TASK.
Without the pictures, copy all of the data exactly.

Free-text object descriptions
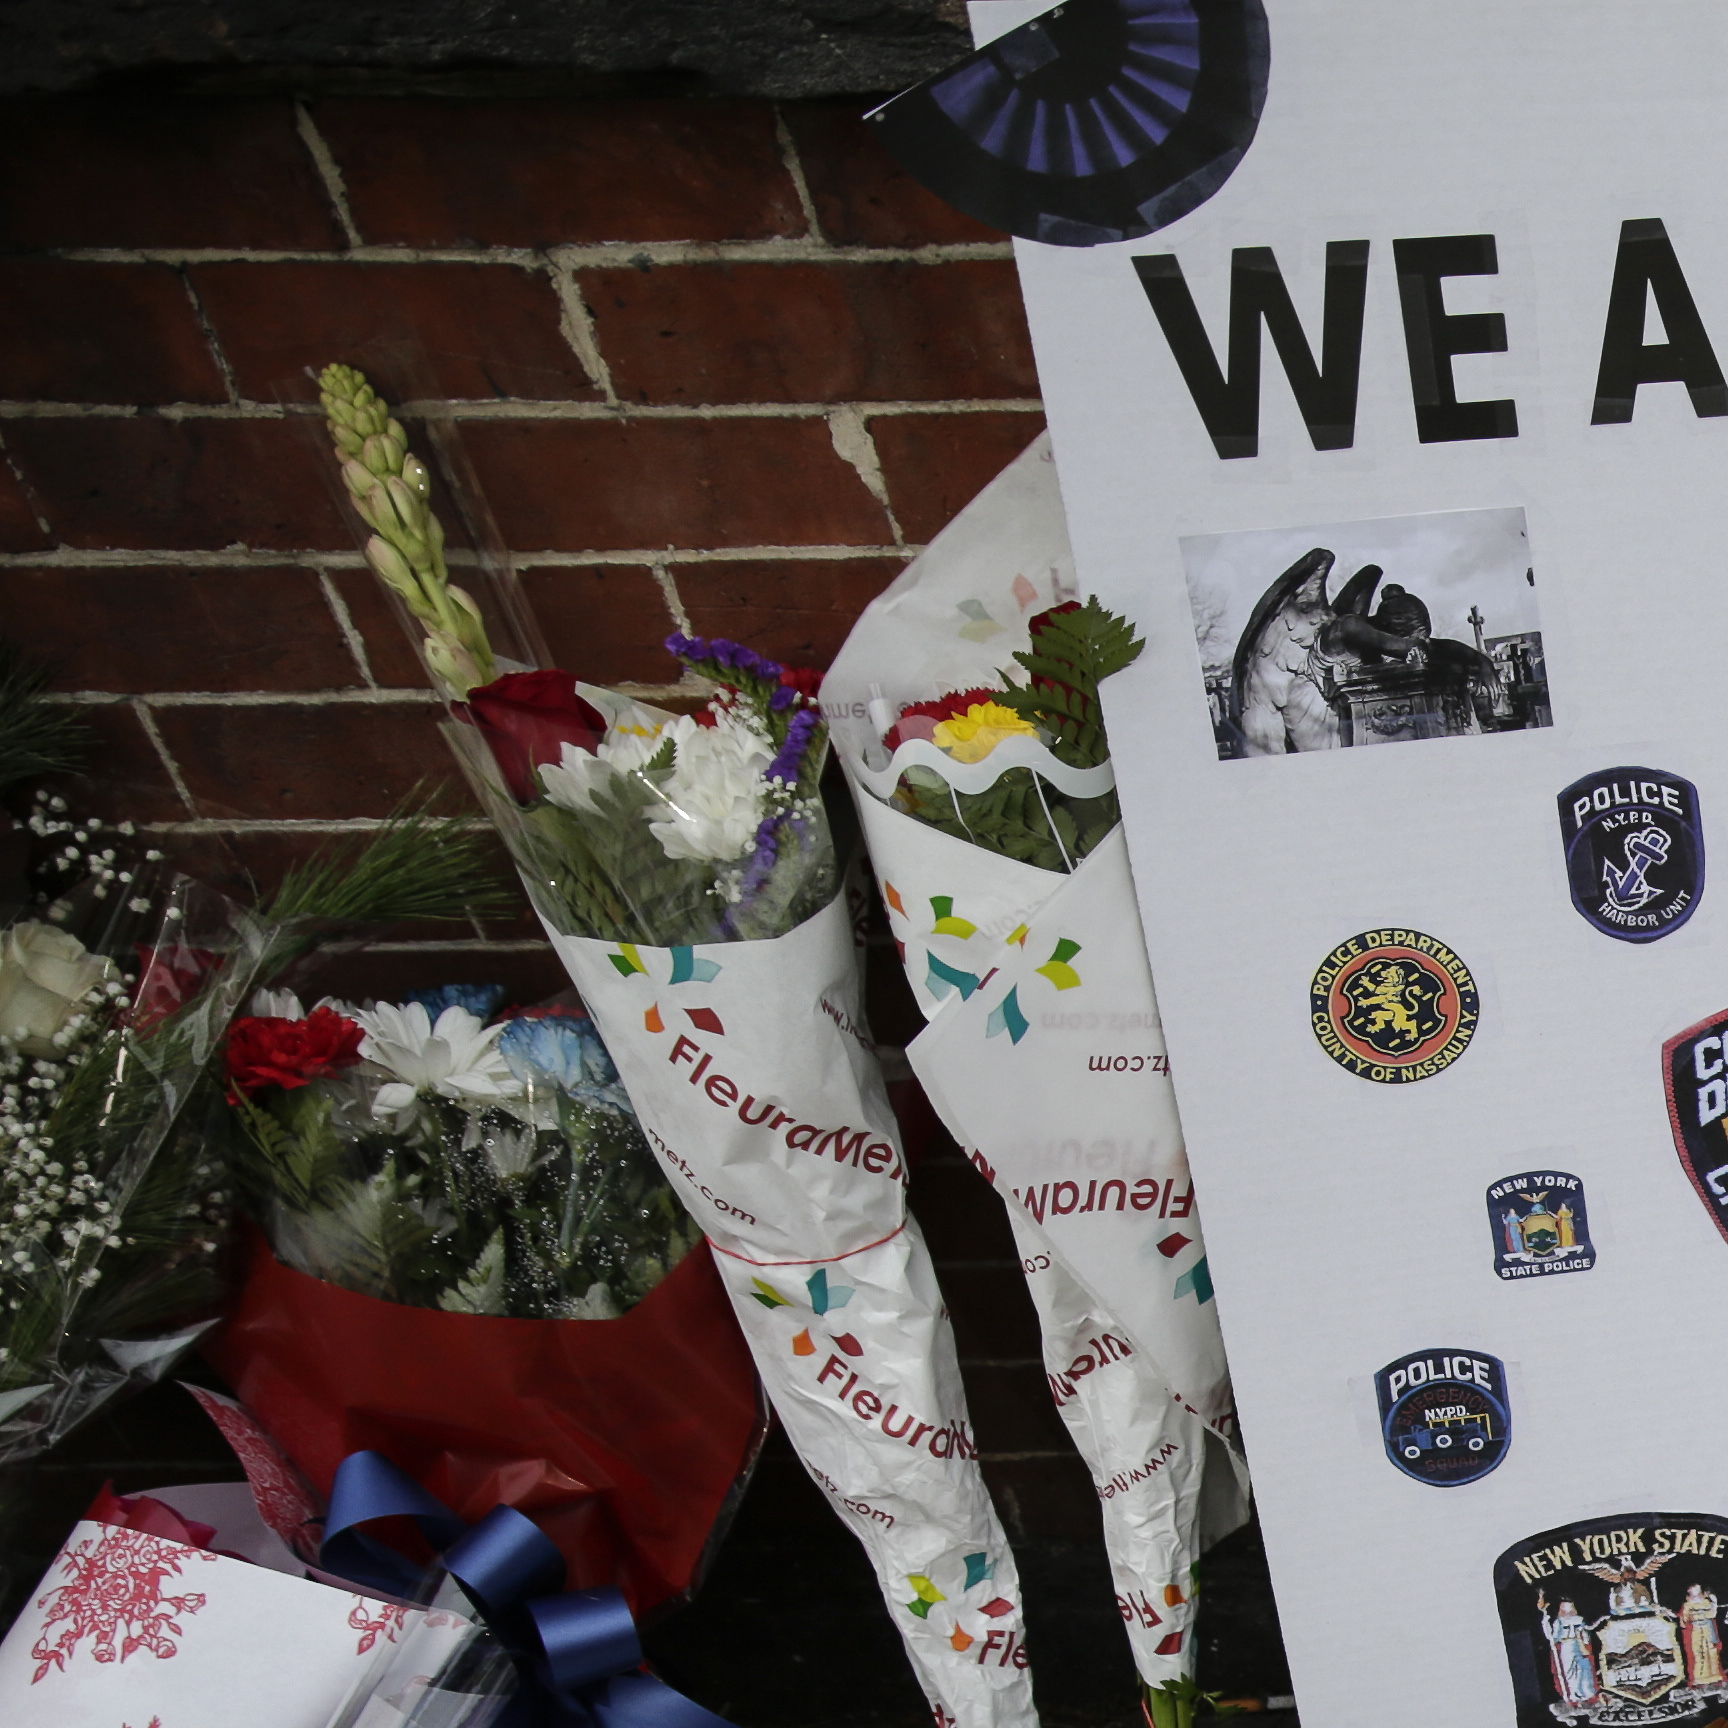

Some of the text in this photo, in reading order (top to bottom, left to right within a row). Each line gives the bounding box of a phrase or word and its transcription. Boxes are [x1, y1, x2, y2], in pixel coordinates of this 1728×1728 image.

[1131, 234, 1519, 460] WE
[1574, 781, 1683, 829] POLICE
[1599, 890, 1691, 926] HARBOR UNIT
[1313, 931, 1476, 996] POLICE DEPARTMENT
[1313, 1012, 1369, 1074] COUNTY
[1371, 1067, 1396, 1082] OF
[1491, 1176, 1578, 1199] NEW YORK
[1501, 1265, 1540, 1278] STATE
[1544, 1258, 1590, 1273] POLICE
[1389, 1356, 1492, 1402] POLICE
[1397, 1388, 1490, 1426] EMERGENCY
[1425, 1405, 1469, 1421] N.Y.P.D.
[1425, 1456, 1478, 1472] SQUAD
[1514, 1543, 1572, 1585] NEW
[1575, 1528, 1647, 1562] YORK

TASK ANSWER.
Some of the text in this photo, in reading order (top to bottom, left to right within a row). Each line gives the bounding box of a phrase or word and its transcription. Boxes are [x1, y1, x2, y2], in pixel coordinates of this 1728×1728 image.

[1131, 234, 1519, 460] WE
[1574, 781, 1683, 829] POLICE
[1599, 890, 1691, 926] HARBOR UNIT
[1313, 931, 1476, 996] POLICE DEPARTMENT
[1313, 1012, 1369, 1074] COUNTY
[1371, 1067, 1396, 1082] OF
[1491, 1176, 1578, 1199] NEW YORK
[1501, 1265, 1540, 1278] STATE
[1544, 1258, 1590, 1273] POLICE
[1389, 1356, 1492, 1402] POLICE
[1397, 1388, 1490, 1426] EMERGENCY
[1425, 1405, 1469, 1421] N.Y.P.D.
[1425, 1456, 1478, 1472] SQUAD
[1514, 1543, 1572, 1585] NEW
[1575, 1528, 1647, 1562] YORK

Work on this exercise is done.